*SUPPLIED DATA*:
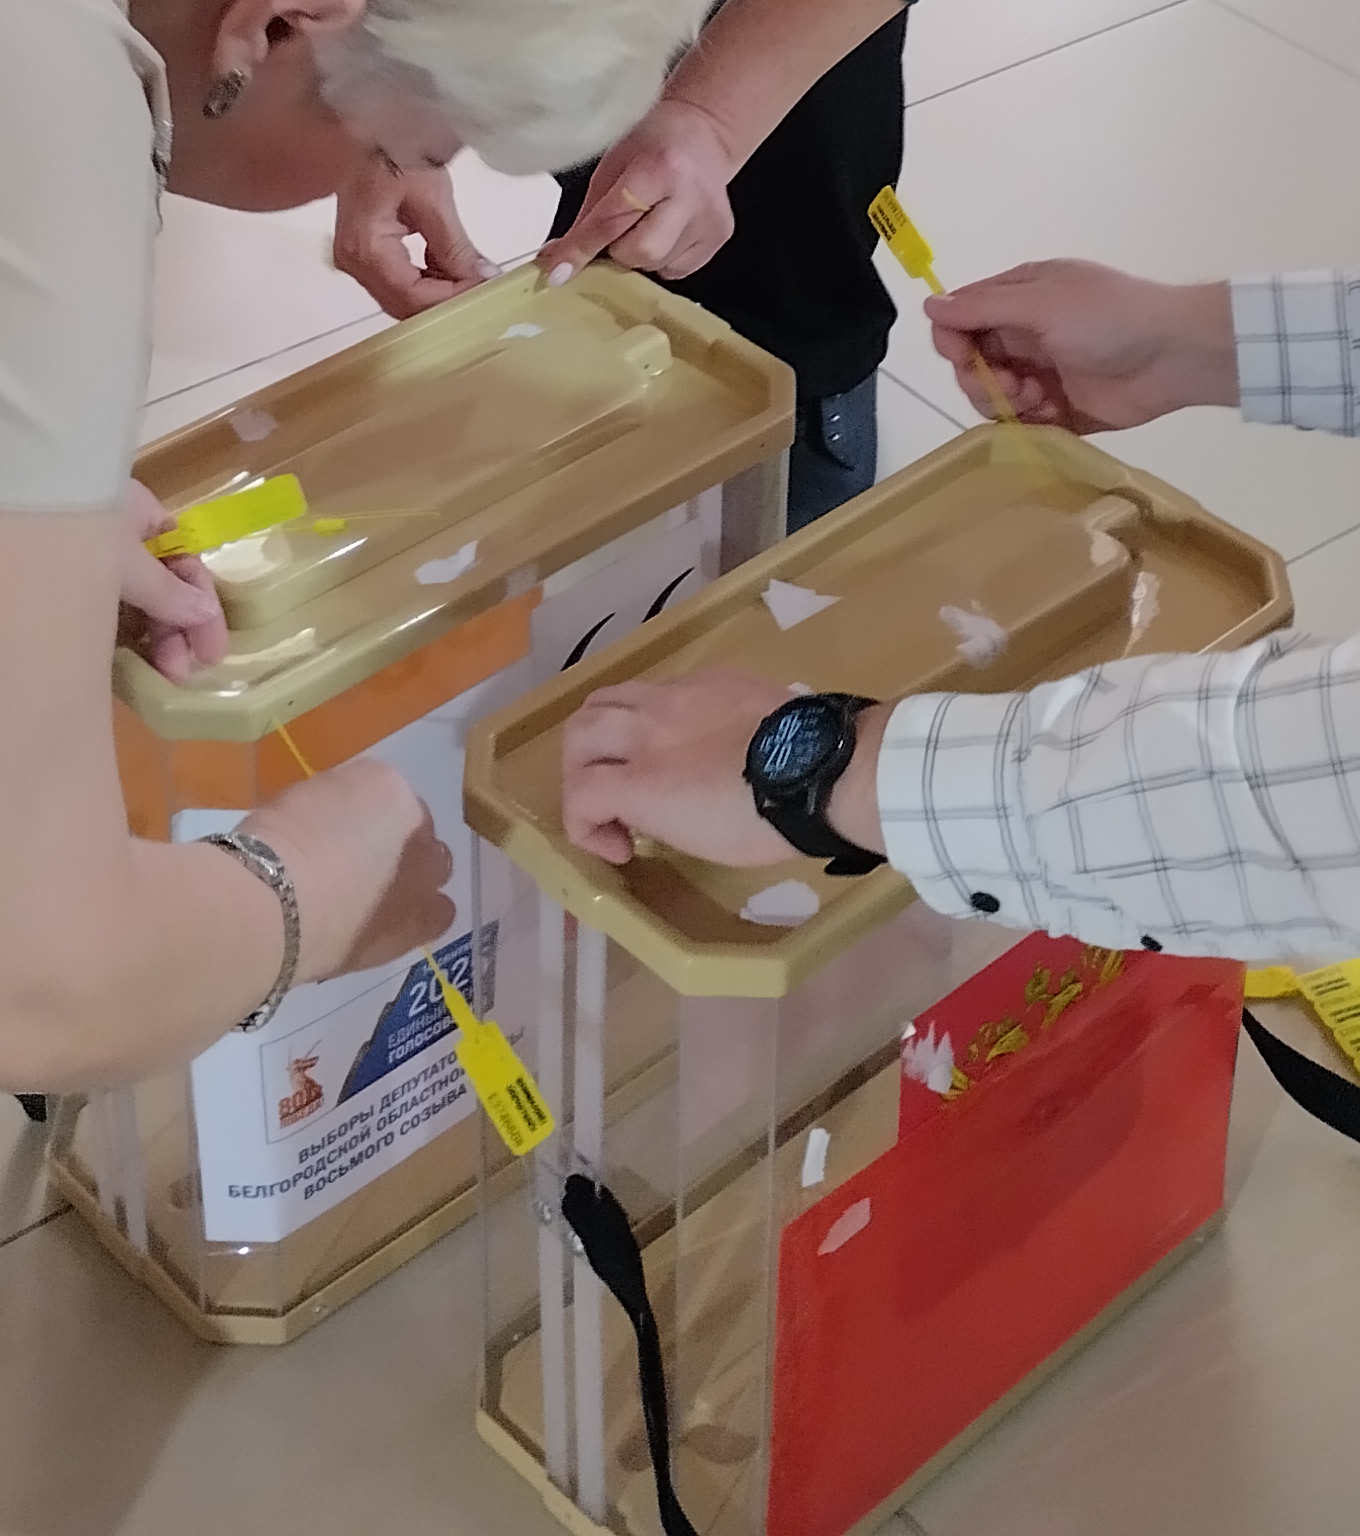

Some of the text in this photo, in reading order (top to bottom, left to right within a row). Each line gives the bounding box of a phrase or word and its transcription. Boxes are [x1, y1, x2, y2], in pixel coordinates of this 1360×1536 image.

[408, 955, 474, 1018] 202
[297, 1103, 375, 1165] ВЫБОРЫ
[378, 1049, 458, 1114] ДЕПУТАТО
[303, 1131, 395, 1202] ВОСЬМОГО
[399, 1082, 468, 1136] СОЗЫВА
[228, 1123, 371, 1200] БЕЛГОРОДСКОЙ

*ACTION ITEM*:
Write out each entry above once more, exactly as written, and drop the pictures.

*EXERCISE SOLUTION*:
Some of the text in this photo, in reading order (top to bottom, left to right within a row). Each line gives the bounding box of a phrase or word and its transcription. Boxes are [x1, y1, x2, y2], in pixel coordinates of this 1360×1536 image.

[408, 955, 474, 1018] 202
[297, 1103, 375, 1165] ВЫБОРЫ
[378, 1049, 458, 1114] ДЕПУТАТО
[303, 1131, 395, 1202] ВОСЬМОГО
[399, 1082, 468, 1136] СОЗЫВА
[228, 1123, 371, 1200] БЕЛГОРОДСКОЙ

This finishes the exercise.